Re: pt_regs->ax == -ENOSYS

From: "H. Peter Anvin" <hpa@zytor.com>
To: Andy Lutomirski <luto@kernel.org>
Cc: Linus Torvalds <torvalds@linux-foundation.org>,
	Ingo Molnar <mingo@kernel.org>,
	Thomas Gleixner <tglx@linutronix.de>,
	Borislav Petkov <bp@alien8.de>,
	LKML <linux-kernel@vger.kernel.org>,
	Oleg Nesterov <oleg@redhat.com>,
	Kees Cook <keescook@chromium.org>, Will Drewry <wad@chromium.org>
Subject: Re: pt_regs->ax == -ENOSYS
Date: Tue, 27 Apr 2021 17:20:55 -0700	[thread overview]
Message-ID: <3a502aae-4124-5cb2-1dac-bc18b8158fbe@zytor.com> (raw)
In-Reply-To: <CALCETrWzL=jgnWd+6YuBo02GG8vTvsG22sXGaUQCc37vwQ6HdA@mail.gmail.com>

On 4/27/21 5:11 PM, Andy Lutomirski wrote:
> On Tue, Apr 27, 2021 at 5:05 PM H. Peter Anvin <hpa@zytor.com> wrote:
>>
>> On 4/27/21 4:23 PM, Andy Lutomirski wrote:
>>>
>>> I much prefer the model of saying that the bits that make sense for
>>> the syscall type (all 64 for 64-bit SYSCALL and the low 32 for
>>> everything else) are all valid.  This way there are no weird reserved
>>> bits, no weird ptrace() interactions, etc.  I'm a tiny bit concerned
>>> that this would result in a backwards compatibility issue, but not
>>> very.  This would involve changing syscall_get_nr(), but that doesn't
>>> seem so bad.  The biggest problem is that seccomp hardcoded syscall
>>> nrs to 32 bit.
>>>
>>> An alternative would be to declare that we always truncate to 32 bits,
>>> except that 64-bit SYSCALL with high bits set is an error and results
>>> in ENOSYS. The ptrace interaction there is potentially nasty.
>>>
>>> Basically, all choices here kind of suck, and I haven't done a real
>>> analysis of all the issues...
>>>
>>
>> OK, I really don't understand this. The *current* way of doing it causes
>> a bunch of ugly corner conditions, including in ptrace, which this would
>> get rid of. It isn't any different than passing any other argument which
>> is an int -- in fact we have this whole machinery to deal with that subcase.
>>
> 
> Let's suppose we decide to truncate the syscall nr.  What would the
> actual semantics be?  Would ptrace see the truncated value in orig_ax?
>   How about syscall user dispatch?  What happens if ptrace writes a
> value with high bits set to orig_ax?  Do we truncate it again?  Or do
> we say that ptrace *can't* write too large a value?
> 
> For better for worse, RAX is 64 bits, orig_ax is a 64-bit field, and
> it currently has nonsensical semantics.  Redefining orig_ax as a
> 32-bit field is surely possible, but doing so cleanly is not
> necessarily any easier than any other approach.  If it weren't for
> seccomp, I would say that the obviously correct answer is to just
> treat it everywhere as a 64-bit number.
> 

We *used* to truncate the system call number; that was unsigned. It 
causes massive headache to ptrace if a 32-bit ptrace wants to write -1, 
which is a bit hacky.

I would personally like to see orig_ax to be the register passed in and 
for the truncation to happen by syscall_get_nr().

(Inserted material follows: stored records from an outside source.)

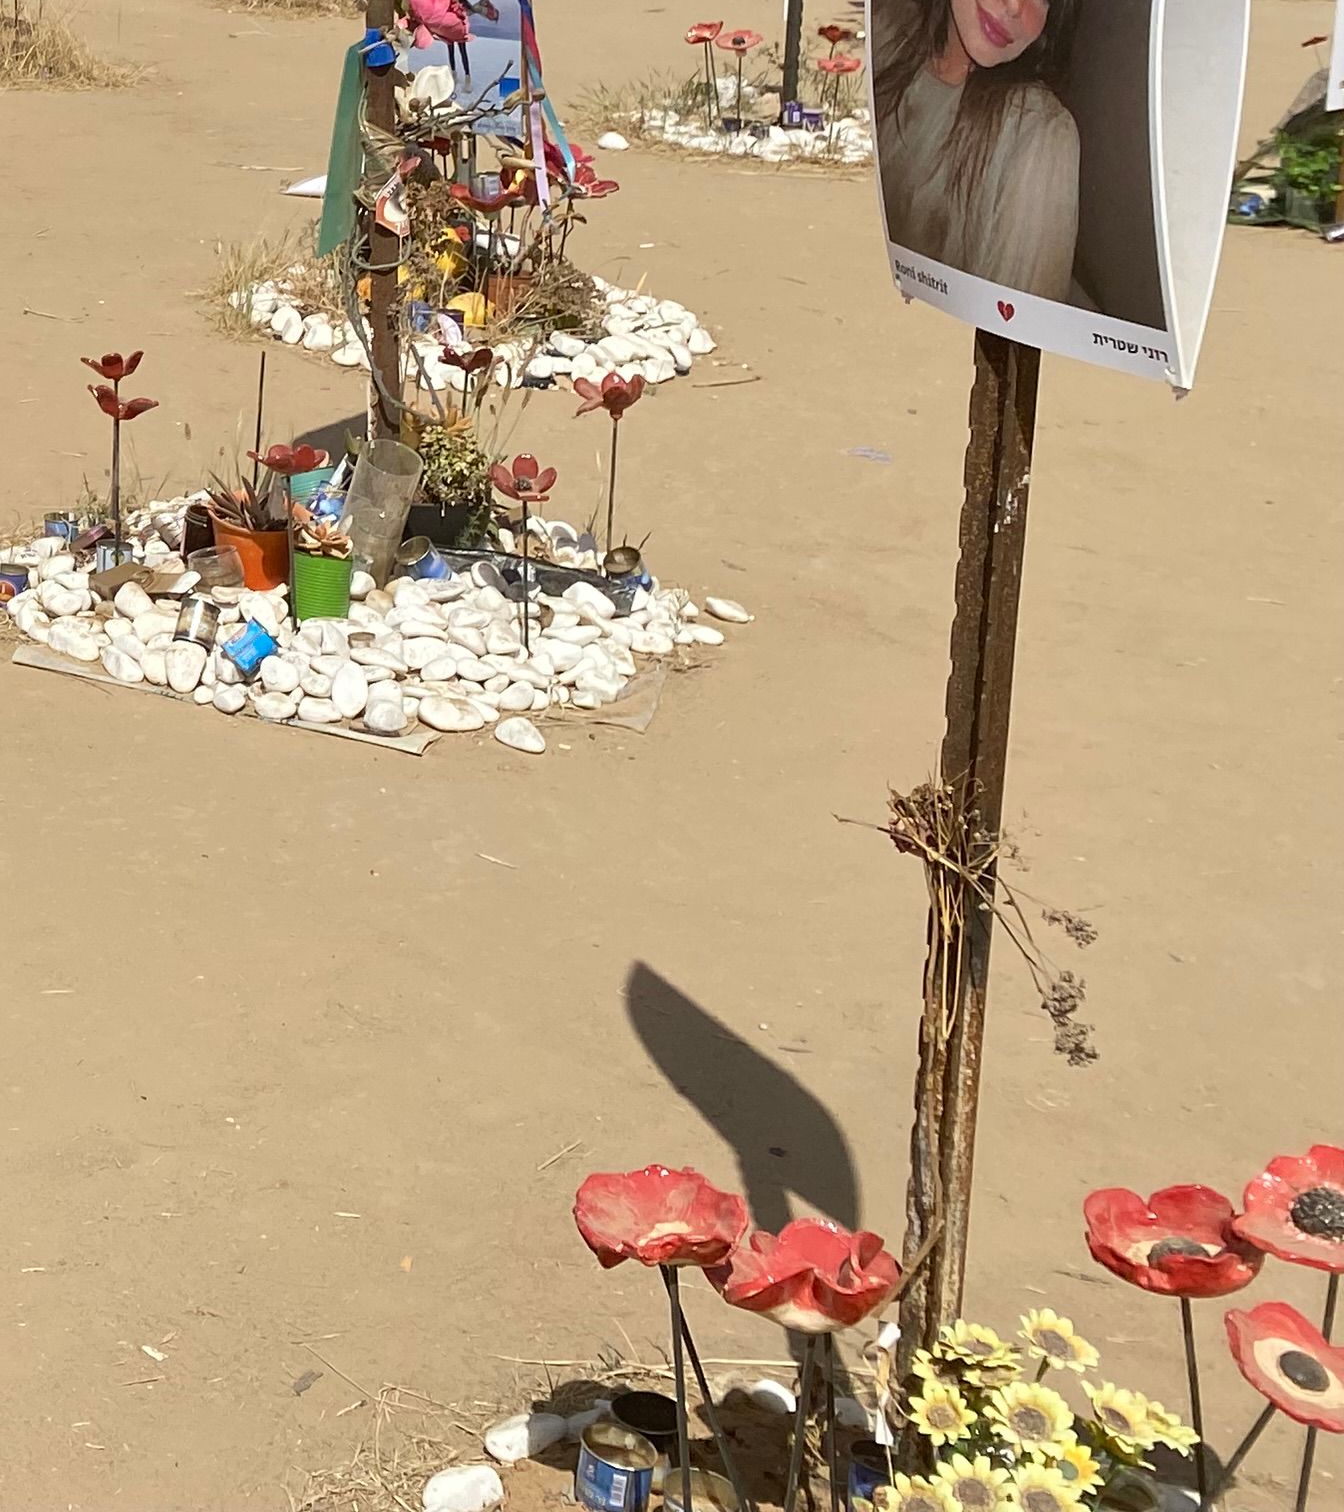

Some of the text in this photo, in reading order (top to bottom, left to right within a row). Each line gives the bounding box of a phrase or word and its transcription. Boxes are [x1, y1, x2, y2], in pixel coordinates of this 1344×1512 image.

[894, 259, 948, 296] Roni shitrit
[1092, 332, 1169, 363] רוני שטרית
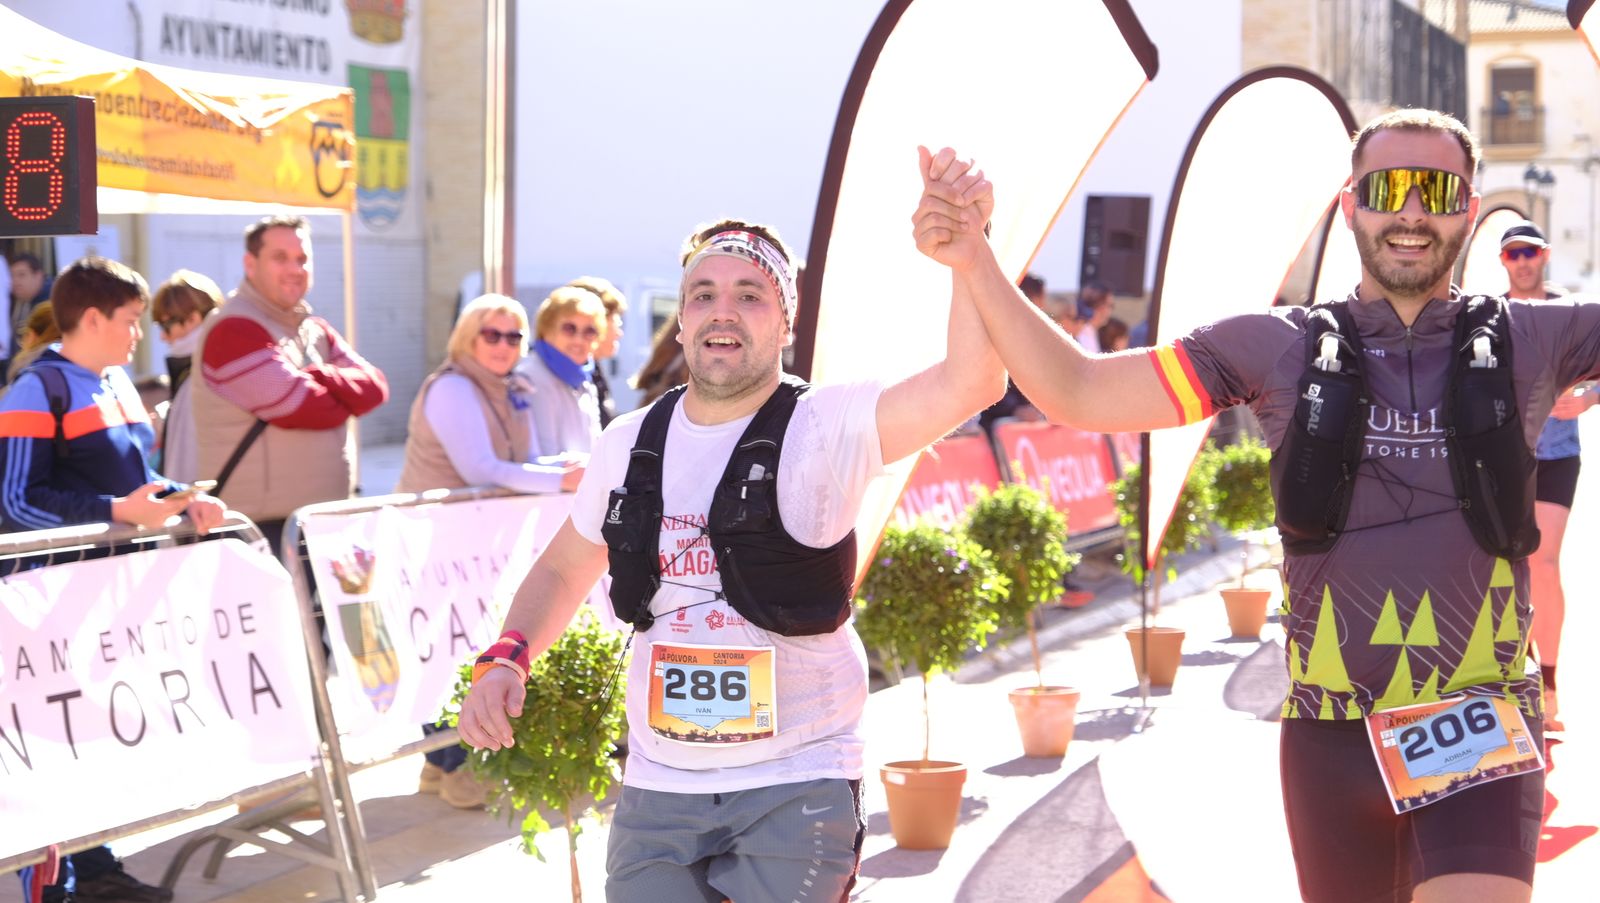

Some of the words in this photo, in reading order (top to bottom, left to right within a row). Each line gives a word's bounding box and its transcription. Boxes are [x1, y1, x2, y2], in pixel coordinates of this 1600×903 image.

[160, 14, 333, 75] AYUNTAMIENTO
[5, 111, 66, 221] 8
[214, 602, 257, 640] DE
[713, 652, 745, 660] CANTORIA
[665, 667, 747, 701] 286
[1399, 701, 1497, 763] 206
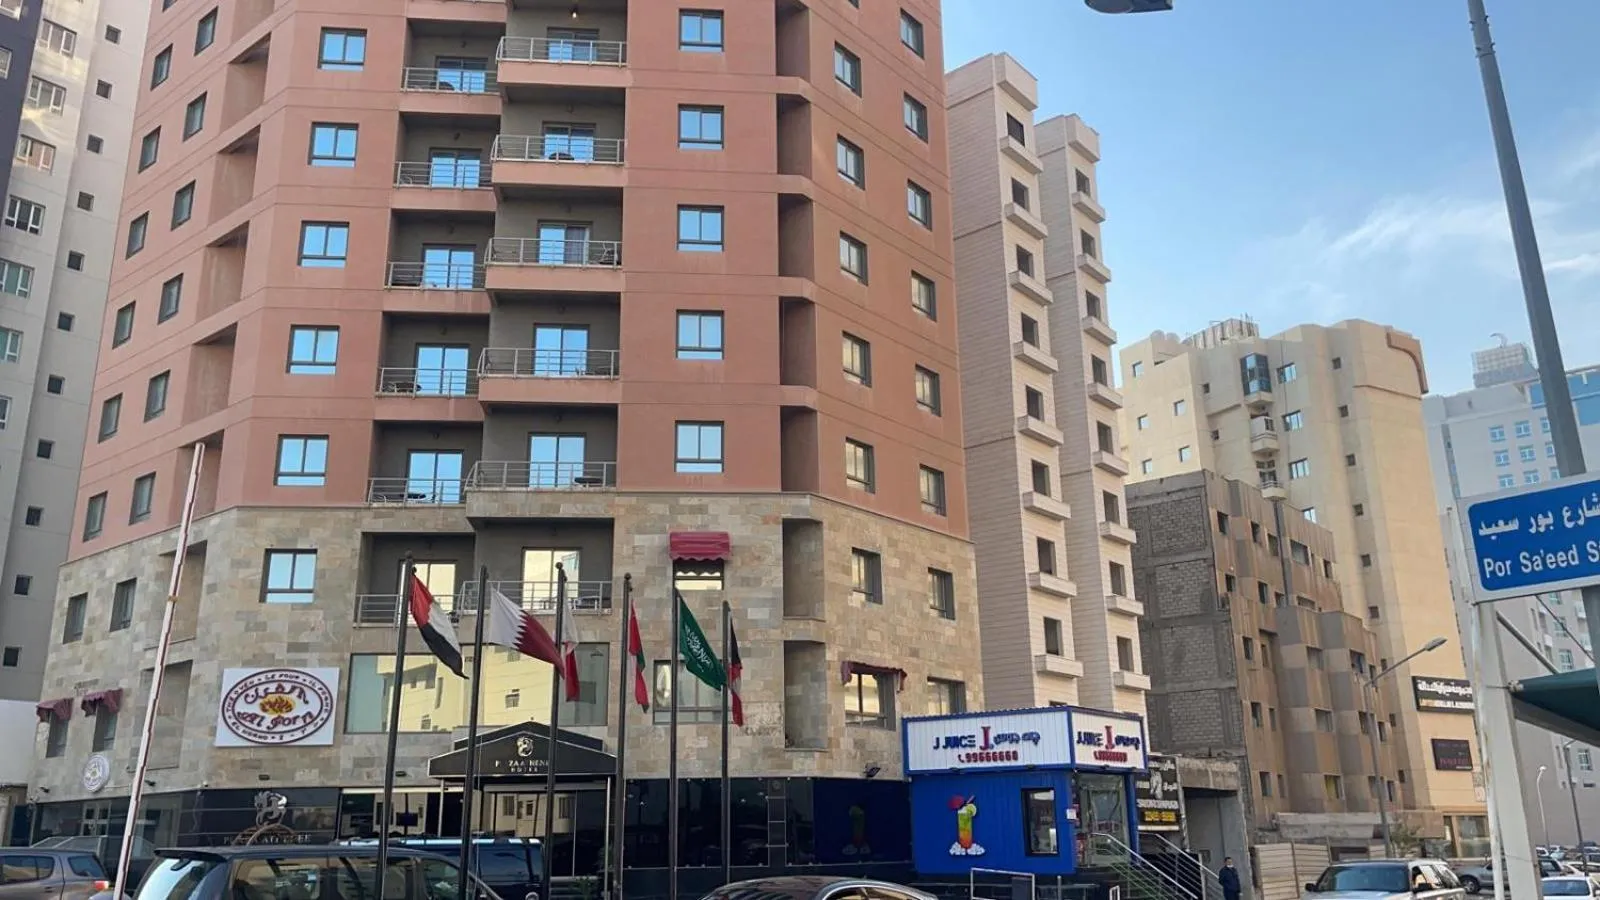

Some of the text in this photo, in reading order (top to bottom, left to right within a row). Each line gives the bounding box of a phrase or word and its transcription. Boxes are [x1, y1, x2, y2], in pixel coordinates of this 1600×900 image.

[1478, 518, 1519, 540] سعيد
[1529, 510, 1554, 533] بور
[1483, 540, 1600, 578] Por Sa'eed S

I also note that kernel/seccomp.c and the tracing infrastructure all 
expect a signed int as the system call number. Yes, orig_ax is a 64-bit 
field, but so are the other register fields which doesn't necessarily 
directly reflect the value of an argument -- like, say, %rdi in the case 
of sys_write - it is an int argument so it gets sign extended; this is 
*not* reflected in ptrace.

	-hpa